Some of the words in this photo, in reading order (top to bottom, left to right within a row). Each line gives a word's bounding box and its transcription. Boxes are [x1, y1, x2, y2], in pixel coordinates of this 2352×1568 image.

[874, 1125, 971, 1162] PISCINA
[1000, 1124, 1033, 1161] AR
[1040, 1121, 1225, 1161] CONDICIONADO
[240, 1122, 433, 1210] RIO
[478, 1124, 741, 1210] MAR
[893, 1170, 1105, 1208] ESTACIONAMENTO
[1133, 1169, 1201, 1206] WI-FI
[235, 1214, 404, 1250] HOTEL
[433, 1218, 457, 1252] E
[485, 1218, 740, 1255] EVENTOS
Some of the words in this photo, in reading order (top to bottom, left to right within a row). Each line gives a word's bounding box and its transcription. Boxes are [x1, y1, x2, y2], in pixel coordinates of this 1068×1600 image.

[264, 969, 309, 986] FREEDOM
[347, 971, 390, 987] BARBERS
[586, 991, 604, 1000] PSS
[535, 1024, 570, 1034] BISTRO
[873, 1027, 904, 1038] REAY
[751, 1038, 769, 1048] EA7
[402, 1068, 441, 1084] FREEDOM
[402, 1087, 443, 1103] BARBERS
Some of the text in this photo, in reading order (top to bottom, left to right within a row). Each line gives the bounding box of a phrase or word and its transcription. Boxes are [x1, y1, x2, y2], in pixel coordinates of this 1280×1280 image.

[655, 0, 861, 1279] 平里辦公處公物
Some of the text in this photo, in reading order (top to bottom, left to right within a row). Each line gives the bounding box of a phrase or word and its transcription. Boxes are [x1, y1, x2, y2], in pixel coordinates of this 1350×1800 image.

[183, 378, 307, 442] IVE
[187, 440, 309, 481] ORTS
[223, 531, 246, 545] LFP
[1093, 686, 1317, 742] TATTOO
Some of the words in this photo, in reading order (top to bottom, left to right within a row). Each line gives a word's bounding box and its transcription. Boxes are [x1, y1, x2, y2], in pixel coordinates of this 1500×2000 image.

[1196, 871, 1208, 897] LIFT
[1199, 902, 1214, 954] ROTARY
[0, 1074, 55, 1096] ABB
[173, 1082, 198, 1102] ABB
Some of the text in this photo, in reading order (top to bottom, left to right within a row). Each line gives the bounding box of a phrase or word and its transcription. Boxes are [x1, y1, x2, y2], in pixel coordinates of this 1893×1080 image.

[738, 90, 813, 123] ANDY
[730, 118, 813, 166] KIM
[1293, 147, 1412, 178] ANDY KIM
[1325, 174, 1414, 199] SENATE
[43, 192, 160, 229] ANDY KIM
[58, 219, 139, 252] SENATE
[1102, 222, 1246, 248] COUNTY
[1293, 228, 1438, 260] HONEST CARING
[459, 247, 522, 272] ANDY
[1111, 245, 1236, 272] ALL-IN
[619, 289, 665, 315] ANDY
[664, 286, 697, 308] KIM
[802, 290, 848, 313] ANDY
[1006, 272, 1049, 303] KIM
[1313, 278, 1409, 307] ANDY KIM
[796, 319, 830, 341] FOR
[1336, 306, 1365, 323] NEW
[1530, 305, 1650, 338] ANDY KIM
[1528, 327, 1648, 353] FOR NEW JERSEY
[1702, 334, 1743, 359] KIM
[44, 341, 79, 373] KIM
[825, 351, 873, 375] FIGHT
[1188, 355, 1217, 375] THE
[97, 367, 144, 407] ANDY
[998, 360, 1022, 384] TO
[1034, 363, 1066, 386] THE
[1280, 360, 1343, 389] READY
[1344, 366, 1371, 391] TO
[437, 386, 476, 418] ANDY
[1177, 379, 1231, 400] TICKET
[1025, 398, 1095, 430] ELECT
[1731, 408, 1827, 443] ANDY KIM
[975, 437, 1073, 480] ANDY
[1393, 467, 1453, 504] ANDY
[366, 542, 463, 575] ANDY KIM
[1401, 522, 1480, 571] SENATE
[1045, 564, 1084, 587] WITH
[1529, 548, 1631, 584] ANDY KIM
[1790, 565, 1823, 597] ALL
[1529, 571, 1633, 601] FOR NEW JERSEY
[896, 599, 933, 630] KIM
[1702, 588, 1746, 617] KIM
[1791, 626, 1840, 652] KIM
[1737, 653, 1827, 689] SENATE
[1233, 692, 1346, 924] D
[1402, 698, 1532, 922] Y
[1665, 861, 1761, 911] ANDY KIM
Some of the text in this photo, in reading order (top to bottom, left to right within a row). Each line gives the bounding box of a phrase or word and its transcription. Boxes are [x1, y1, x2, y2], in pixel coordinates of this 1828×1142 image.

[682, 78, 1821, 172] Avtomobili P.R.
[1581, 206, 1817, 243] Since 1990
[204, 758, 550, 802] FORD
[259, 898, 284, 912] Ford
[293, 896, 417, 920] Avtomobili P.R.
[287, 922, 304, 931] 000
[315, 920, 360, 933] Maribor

##########

_Task instructions_
Give the entries again, every one of them exactly.

_Output for this exercise_
Some of the words in this photo, in reading order (top to bottom, left to right within a row). Each line gives a word's bounding box and its transcription. Boxes are [x1, y1, x2, y2], in pixel coordinates of this 2352×1568 image.

[874, 1125, 971, 1162] PISCINA
[1000, 1124, 1033, 1161] AR
[1040, 1121, 1225, 1161] CONDICIONADO
[240, 1122, 433, 1210] RIO
[478, 1124, 741, 1210] MAR
[893, 1170, 1105, 1208] ESTACIONAMENTO
[1133, 1169, 1201, 1206] WI-FI
[235, 1214, 404, 1250] HOTEL
[433, 1218, 457, 1252] E
[485, 1218, 740, 1255] EVENTOS
Some of the words in this photo, in reading order (top to bottom, left to right within a row). Each line gives a word's bounding box and its transcription. Boxes are [x1, y1, x2, y2], in pixel coordinates of this 1068×1600 image.

[264, 969, 309, 986] FREEDOM
[347, 971, 390, 987] BARBERS
[586, 991, 604, 1000] PSS
[535, 1024, 570, 1034] BISTRO
[873, 1027, 904, 1038] REAY
[751, 1038, 769, 1048] EA7
[402, 1068, 441, 1084] FREEDOM
[402, 1087, 443, 1103] BARBERS
Some of the text in this photo, in reading order (top to bottom, left to right within a row). Each line gives the bounding box of a phrase or word and its transcription. Boxes are [x1, y1, x2, y2], in pixel coordinates of this 1280×1280 image.

[655, 0, 861, 1279] 平里辦公處公物
Some of the text in this photo, in reading order (top to bottom, left to right within a row). Each line gives the bounding box of a phrase or word and its transcription. Boxes are [x1, y1, x2, y2], in pixel coordinates of this 1350×1800 image.

[183, 378, 307, 442] IVE
[187, 440, 309, 481] ORTS
[223, 531, 246, 545] LFP
[1093, 686, 1317, 742] TATTOO
Some of the words in this photo, in reading order (top to bottom, left to right within a row). Each line gives a word's bounding box and its transcription. Boxes are [x1, y1, x2, y2], in pixel coordinates of this 1500×2000 image.

[1196, 871, 1208, 897] LIFT
[1199, 902, 1214, 954] ROTARY
[0, 1074, 55, 1096] ABB
[173, 1082, 198, 1102] ABB
Some of the text in this photo, in reading order (top to bottom, left to right within a row). Each line gives the bounding box of a phrase or word and its transcription. Boxes are [x1, y1, x2, y2], in pixel coordinates of this 1893×1080 image.

[738, 90, 813, 123] ANDY
[730, 118, 813, 166] KIM
[1293, 147, 1412, 178] ANDY KIM
[1325, 174, 1414, 199] SENATE
[43, 192, 160, 229] ANDY KIM
[58, 219, 139, 252] SENATE
[1102, 222, 1246, 248] COUNTY
[1293, 228, 1438, 260] HONEST CARING
[459, 247, 522, 272] ANDY
[1111, 245, 1236, 272] ALL-IN
[619, 289, 665, 315] ANDY
[664, 286, 697, 308] KIM
[802, 290, 848, 313] ANDY
[1006, 272, 1049, 303] KIM
[1313, 278, 1409, 307] ANDY KIM
[796, 319, 830, 341] FOR
[1336, 306, 1365, 323] NEW
[1530, 305, 1650, 338] ANDY KIM
[1528, 327, 1648, 353] FOR NEW JERSEY
[1702, 334, 1743, 359] KIM
[44, 341, 79, 373] KIM
[825, 351, 873, 375] FIGHT
[1188, 355, 1217, 375] THE
[97, 367, 144, 407] ANDY
[998, 360, 1022, 384] TO
[1034, 363, 1066, 386] THE
[1280, 360, 1343, 389] READY
[1344, 366, 1371, 391] TO
[437, 386, 476, 418] ANDY
[1177, 379, 1231, 400] TICKET
[1025, 398, 1095, 430] ELECT
[1731, 408, 1827, 443] ANDY KIM
[975, 437, 1073, 480] ANDY
[1393, 467, 1453, 504] ANDY
[366, 542, 463, 575] ANDY KIM
[1401, 522, 1480, 571] SENATE
[1045, 564, 1084, 587] WITH
[1529, 548, 1631, 584] ANDY KIM
[1790, 565, 1823, 597] ALL
[1529, 571, 1633, 601] FOR NEW JERSEY
[896, 599, 933, 630] KIM
[1702, 588, 1746, 617] KIM
[1791, 626, 1840, 652] KIM
[1737, 653, 1827, 689] SENATE
[1233, 692, 1346, 924] D
[1402, 698, 1532, 922] Y
[1665, 861, 1761, 911] ANDY KIM
Some of the text in this photo, in reading order (top to bottom, left to right within a row). Each line gives the bounding box of a phrase or word and its transcription. Boxes are [x1, y1, x2, y2], in pixel coordinates of this 1828×1142 image.

[682, 78, 1821, 172] Avtomobili P.R.
[1581, 206, 1817, 243] Since 1990
[204, 758, 550, 802] FORD
[259, 898, 284, 912] Ford
[293, 896, 417, 920] Avtomobili P.R.
[287, 922, 304, 931] 000
[315, 920, 360, 933] Maribor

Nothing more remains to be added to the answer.